Source information START

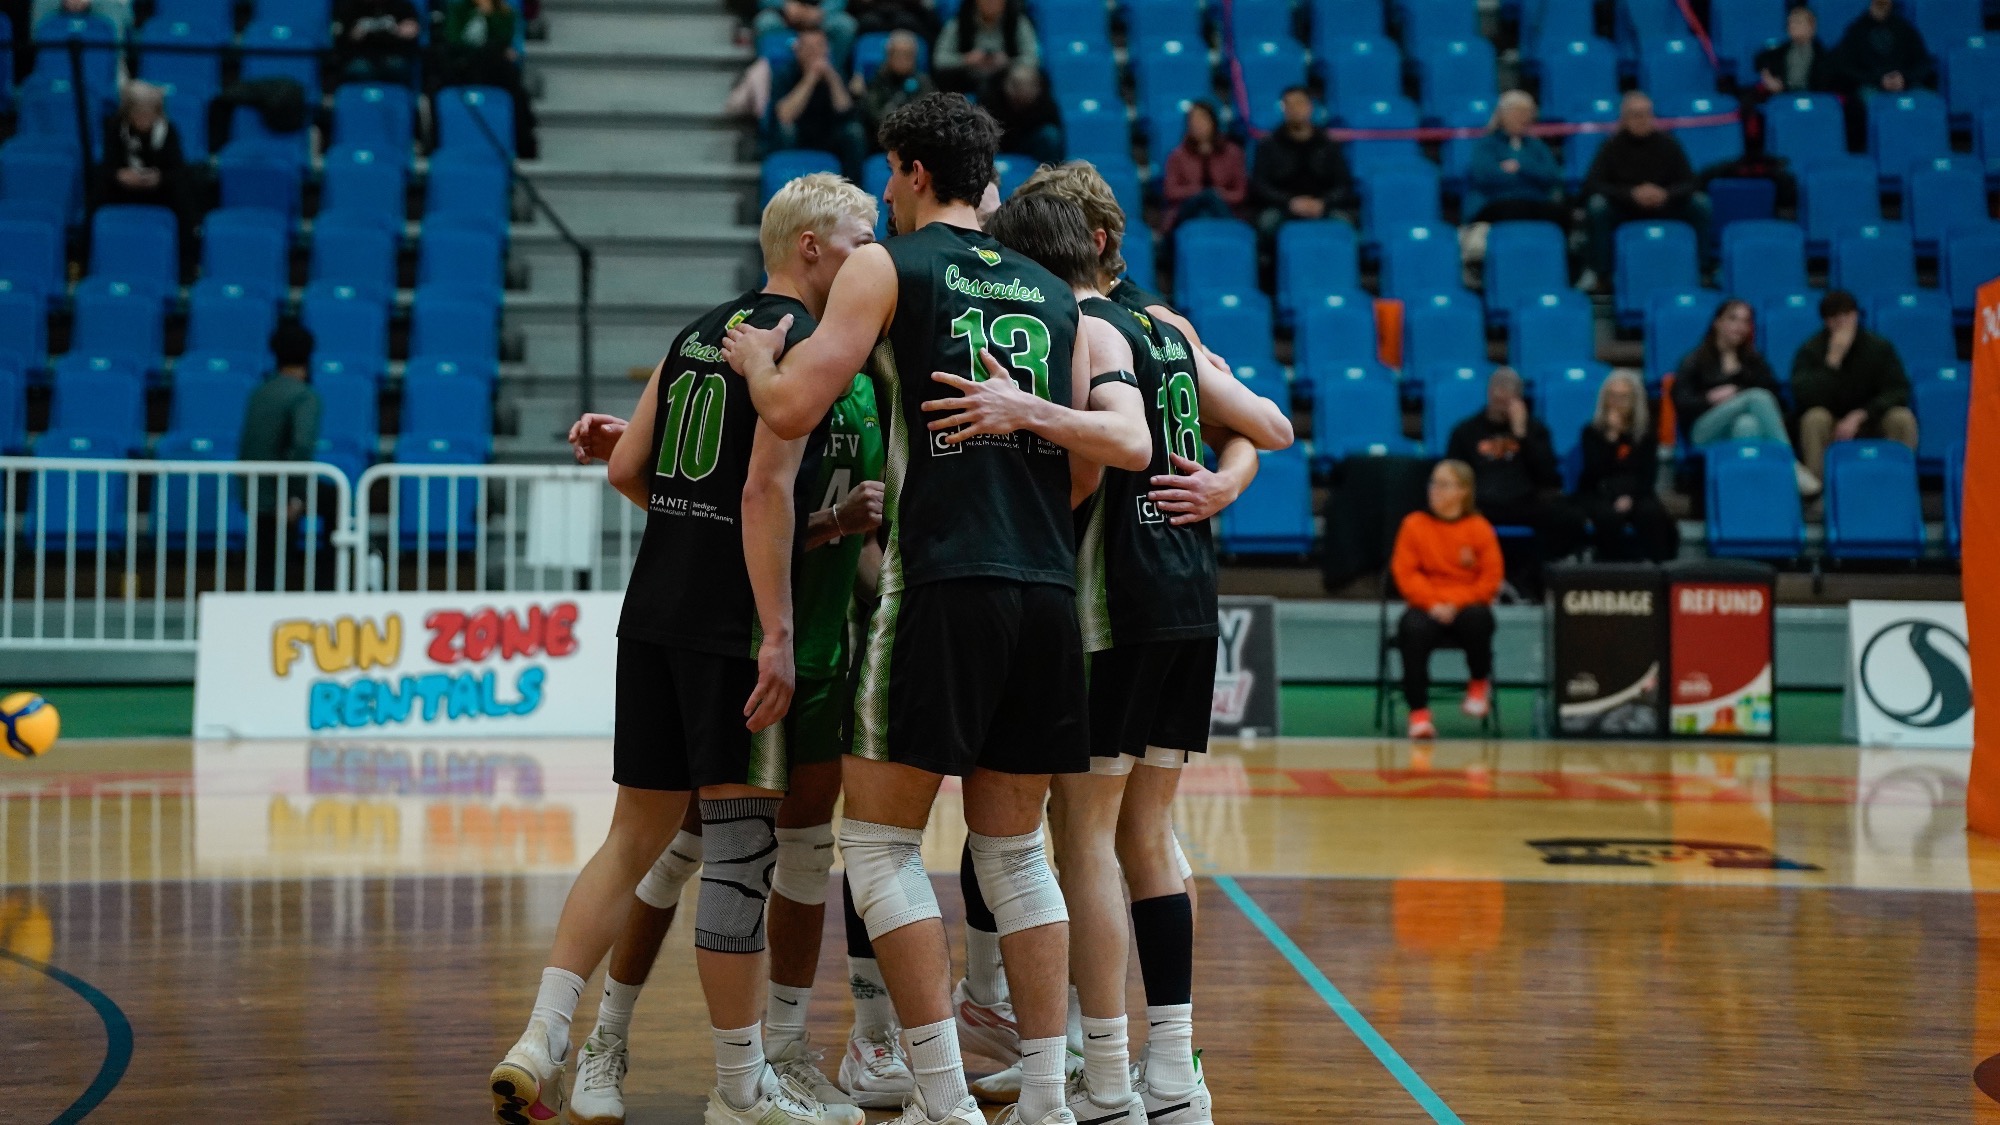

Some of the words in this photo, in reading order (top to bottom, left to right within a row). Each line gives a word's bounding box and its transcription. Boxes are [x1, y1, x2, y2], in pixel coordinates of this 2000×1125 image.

[945, 264, 1045, 303] Cascades
[951, 307, 1051, 401] 13
[656, 370, 727, 482] 10
[1157, 372, 1204, 475] 18
[1563, 589, 1653, 616] GARBAGE
[1679, 588, 1764, 614] REFUND
[273, 613, 404, 677] FUN
[425, 600, 580, 664] ZONE
[308, 665, 547, 731] RENTALS
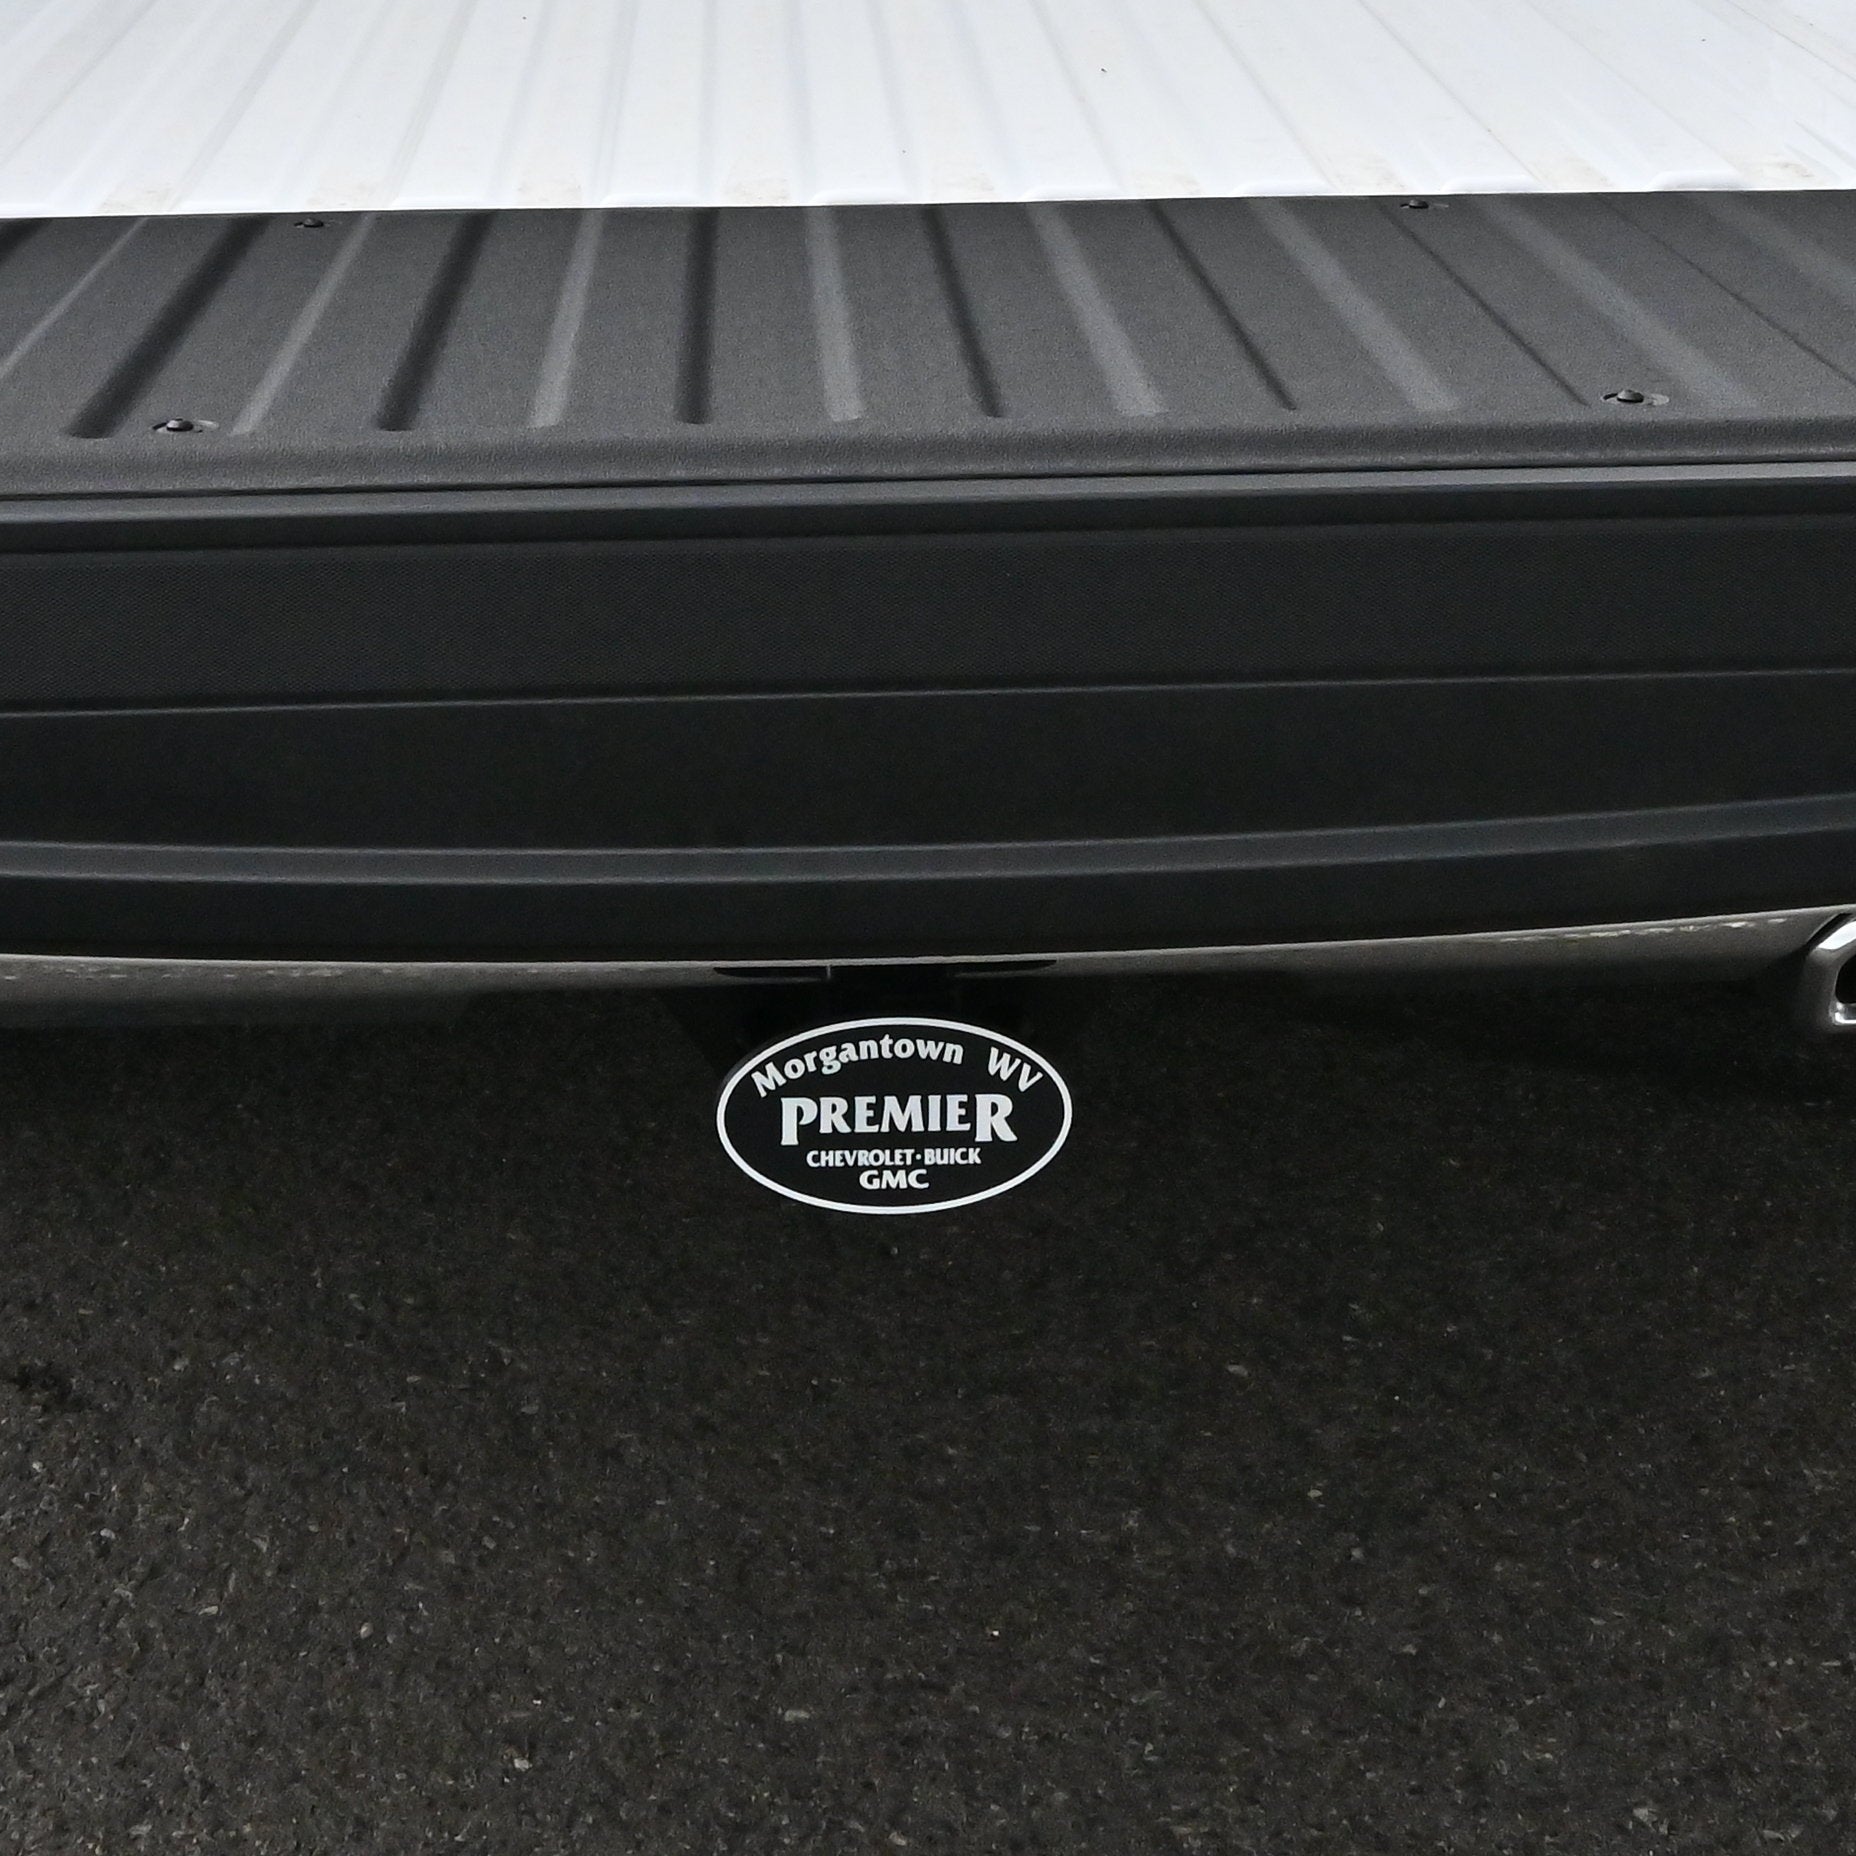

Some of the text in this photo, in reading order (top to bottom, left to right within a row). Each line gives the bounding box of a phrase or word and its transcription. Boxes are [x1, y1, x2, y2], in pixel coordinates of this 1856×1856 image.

[750, 1033, 1043, 1097] Morgantown WV
[780, 1093, 1018, 1146] PREMIER
[806, 1147, 982, 1167] CHEVROLET BUICK
[859, 1168, 930, 1190] GMC

Source information END

**What the task requires:**
Print the records verbatim, without pictures.

**Result below:**
Some of the words in this photo, in reading order (top to bottom, left to right within a row). Each line gives a word's bounding box and its transcription. Boxes are [x1, y1, x2, y2], in pixel coordinates of this 2000×1125 image.

[945, 264, 1045, 303] Cascades
[951, 307, 1051, 401] 13
[656, 370, 727, 482] 10
[1157, 372, 1204, 475] 18
[1563, 589, 1653, 616] GARBAGE
[1679, 588, 1764, 614] REFUND
[273, 613, 404, 677] FUN
[425, 600, 580, 664] ZONE
[308, 665, 547, 731] RENTALS

Some of the text in this photo, in reading order (top to bottom, left to right within a row). Each line gives the bounding box of a phrase or word and its transcription. Boxes are [x1, y1, x2, y2], in pixel coordinates of this 1856×1856 image.

[750, 1033, 1043, 1097] Morgantown WV
[780, 1093, 1018, 1146] PREMIER
[806, 1147, 982, 1167] CHEVROLET BUICK
[859, 1168, 930, 1190] GMC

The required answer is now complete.